Provide strategic and operational regulatory leadership across Kyverna's cell therapy portfolio, with a focus on commercial readiness, labeling strategy, and health authority engagement.
Define and execute global regulatory strategy to support clinical development, registration, and commercialization of Kyverna's autoimmune cell therapies.
Translate scientific and clinical data into approvable, commercially viable labeling and lead interactions with regulatory authorities, including FDA and global counterparts.
Lead global regulatory strategy for Kyverna's development programs, aligning clinical, CMC, and commercial objectives from early development through post-approval lifecycle management.
Provide regulatory input to program governance, asset prioritization, and portfolio decisions, including scenario planning and risk mitigation.
Anticipate and address regulatory challenges related to cell therapy development, manufacturing, comparability, and long-term follow-up.

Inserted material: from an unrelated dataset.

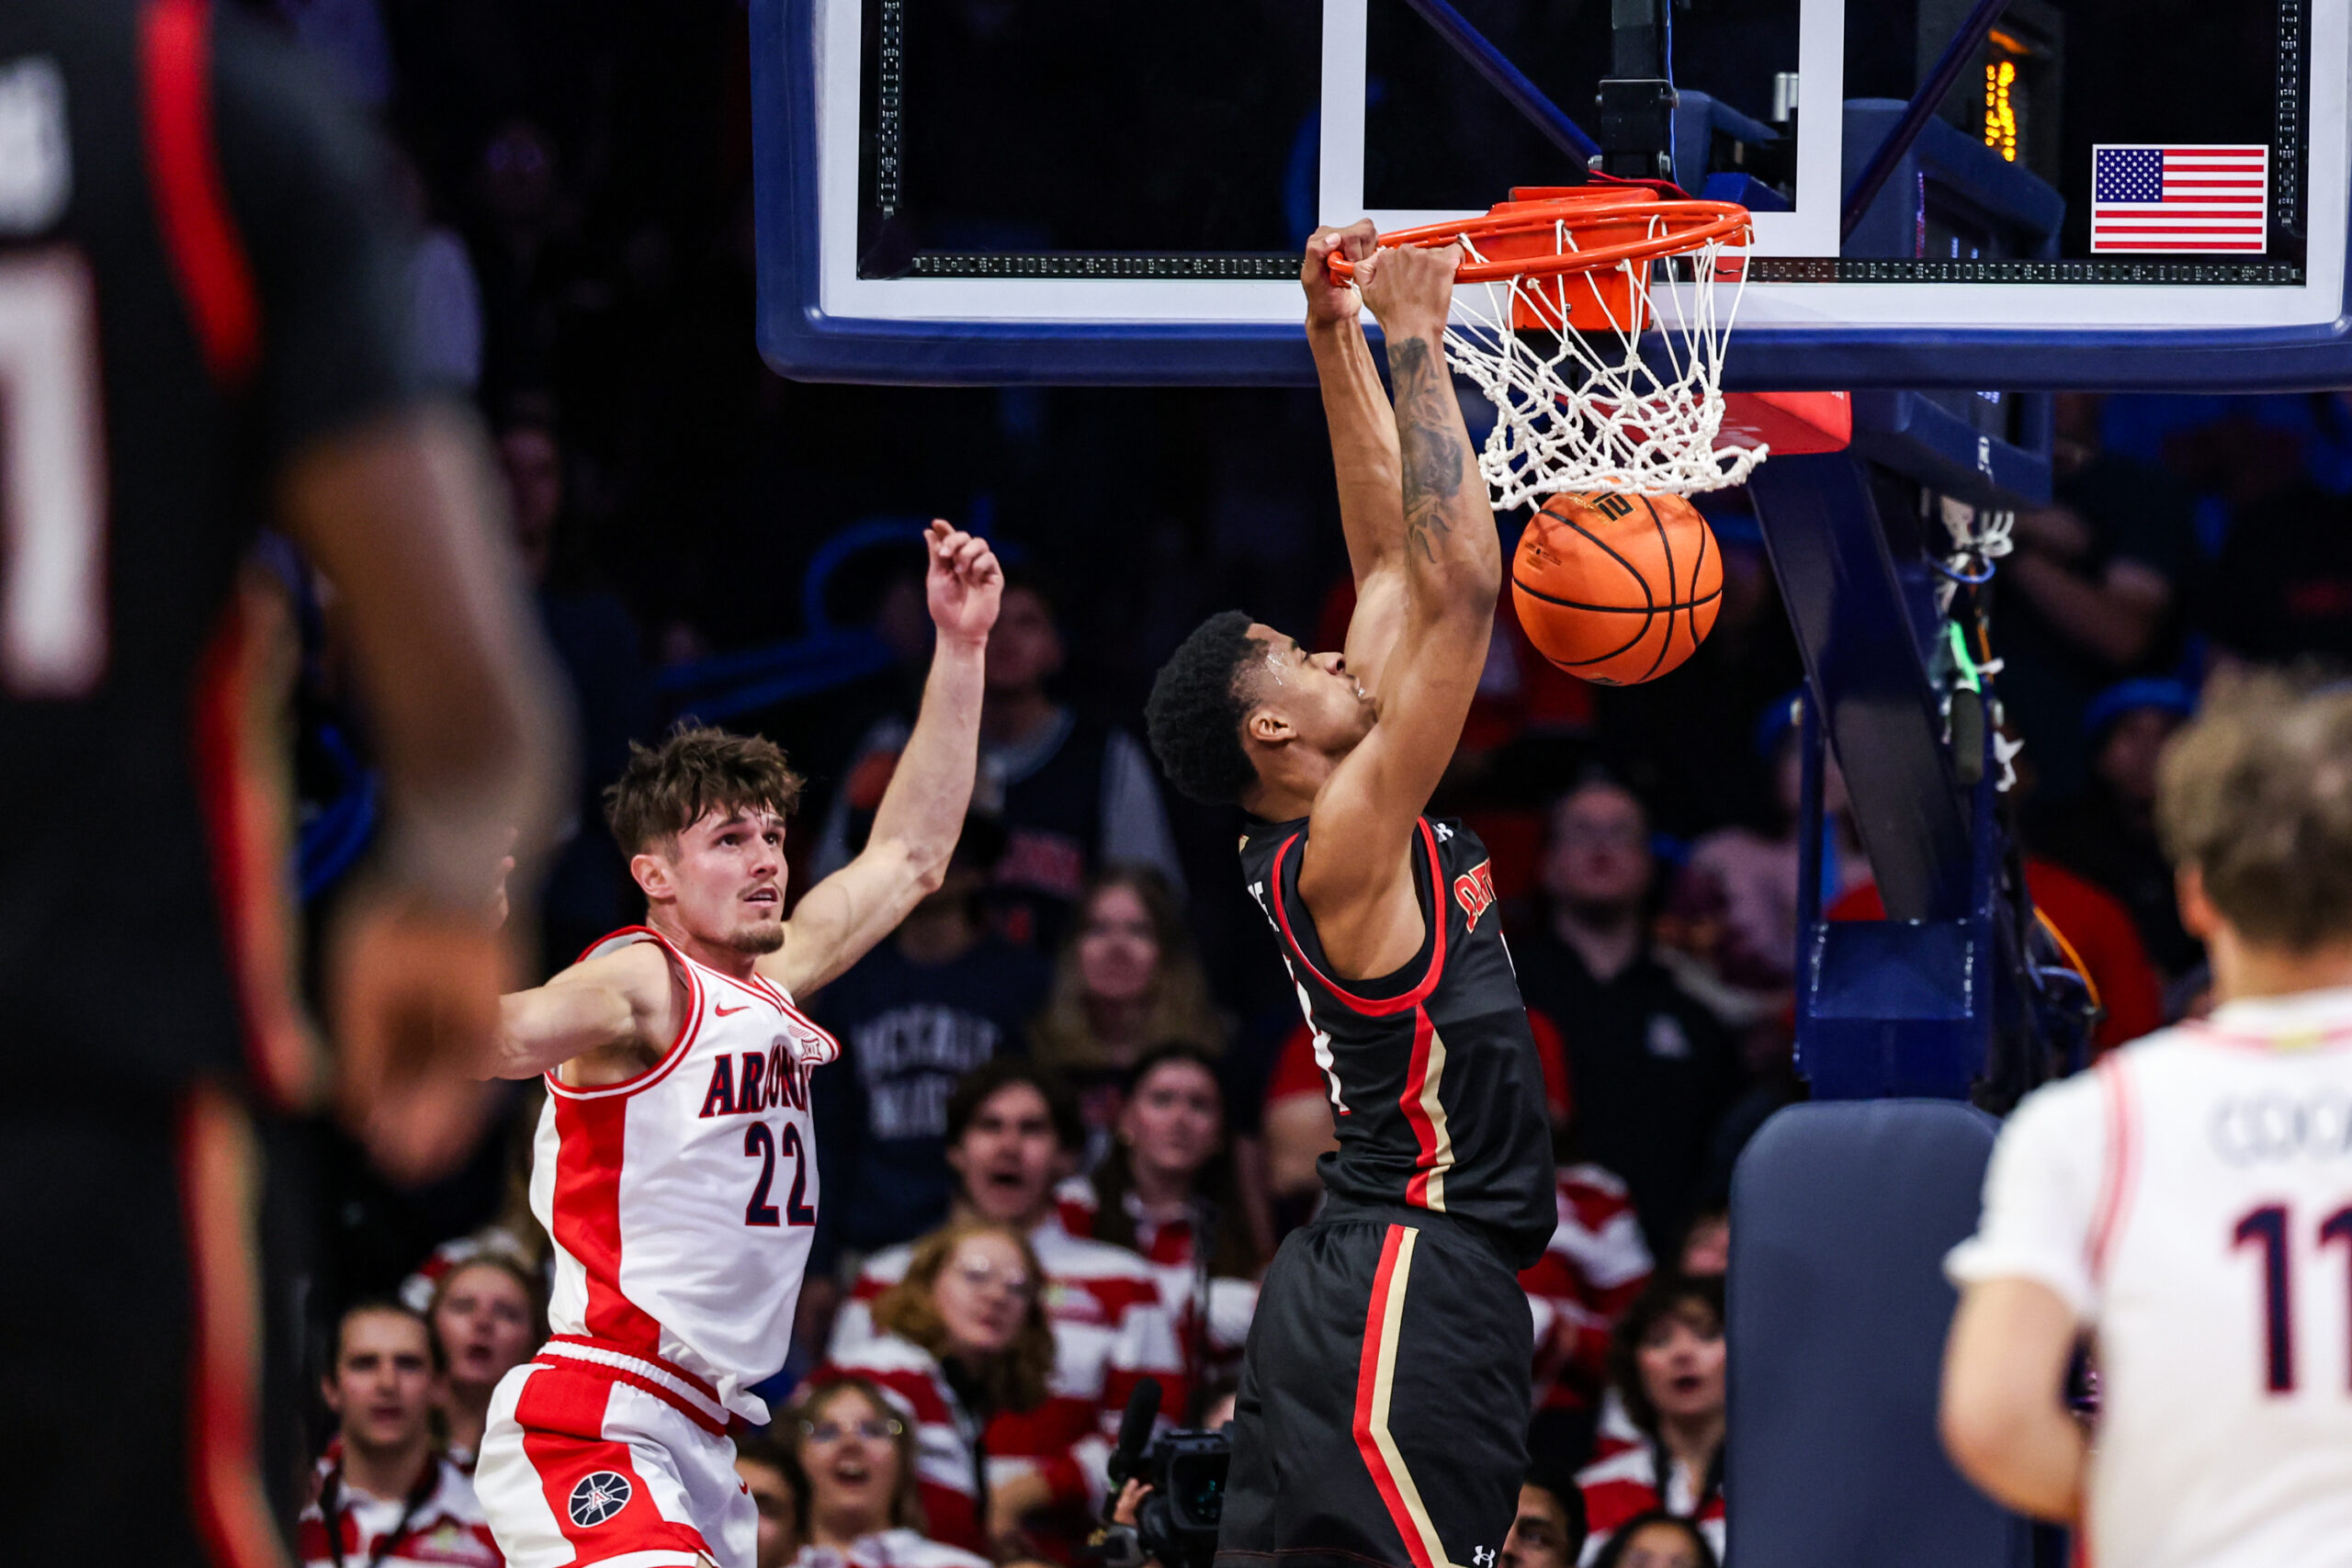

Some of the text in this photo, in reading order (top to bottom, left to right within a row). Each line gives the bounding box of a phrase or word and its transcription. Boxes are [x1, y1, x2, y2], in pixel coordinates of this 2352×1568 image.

[744, 1121, 816, 1227] 22
[2207, 1085, 2352, 1171] COO
[2227, 1198, 2352, 1400] 11
[586, 1484, 614, 1513] A

Serve as the primary senior regulatory interface with FDA, EMA, and other global health authorities.
Lead and/or support key regulatory meetings, including INTERACT, pre-IND, End-of-Phase, pre-BLA/MAA, Advisory Committees, and post-marketing commitments.
Drive regulatory negotiation strategy, including benefit-risk, endpoints, comparability, and post-approval requirements.

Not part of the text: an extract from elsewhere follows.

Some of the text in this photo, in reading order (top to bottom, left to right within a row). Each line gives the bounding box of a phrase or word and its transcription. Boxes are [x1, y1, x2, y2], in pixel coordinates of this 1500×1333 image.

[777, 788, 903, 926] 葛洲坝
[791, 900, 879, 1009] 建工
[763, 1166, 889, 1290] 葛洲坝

Own and drive labeling strategy from early development through approval, ensuring labels support commercial differentiation, patient access, and lifecycle value.
Lead development of Target Product Profiles (TPPs) and ensure alignment across Clinical, Regulatory, Commercial, and Market Access.

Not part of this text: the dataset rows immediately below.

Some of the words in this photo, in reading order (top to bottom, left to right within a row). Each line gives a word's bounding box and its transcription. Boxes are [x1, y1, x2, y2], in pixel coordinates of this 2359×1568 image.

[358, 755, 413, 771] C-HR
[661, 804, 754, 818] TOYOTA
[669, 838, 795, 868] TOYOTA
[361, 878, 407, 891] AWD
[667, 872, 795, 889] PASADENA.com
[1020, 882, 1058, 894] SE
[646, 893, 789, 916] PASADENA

Partner with Commercial, Medical Affairs, and Market Access to ensure regulatory decisions support launch readiness, promotional strategy, and payer engagement.
Lead label negotiations with health authorities, balancing scientific evidence, regulatory expectations, and commercial objectives.
Oversee and contribute to the preparation, review, and submission of INDs, CTAs, BLAs/MAAs, briefing packages, orphan drug applications, and other regulatory filings.
Ensure submissions are high-quality, compliant, and strategically positioned.
Maintain oversight of submission timelines, dependencies, and risk management, providing clear communication to senior leadership.
Act as a strategic partner to Clinical Development, CMC, Research, Commercial, Legal, BD, and Alliance Management teams.
Provide regulatory due diligence and strategic input for business development, in-licensing, out-licensing, and partnership opportunities.
Oversee regulatory activities performed by CROs, consultants, and partners, ensuring quality and strategic alignment.
Lead, mentor, and scale a high-performing regulatory team, fostering accountability, development, and a culture of collaboration.
Establish and maintain regulatory policies, procedures, and infrastructure to support a growing, late-stage organization.
Stay current on US and global regulatory intelligence and communicate key implications to stakeholders.
Requirements
Bachelor's degree in a scientific discipline required; advanced degree preferred.
15+ years of progressive regulatory affairs experience in pharmaceutical or biotechnology, with significant advanced therapy experience.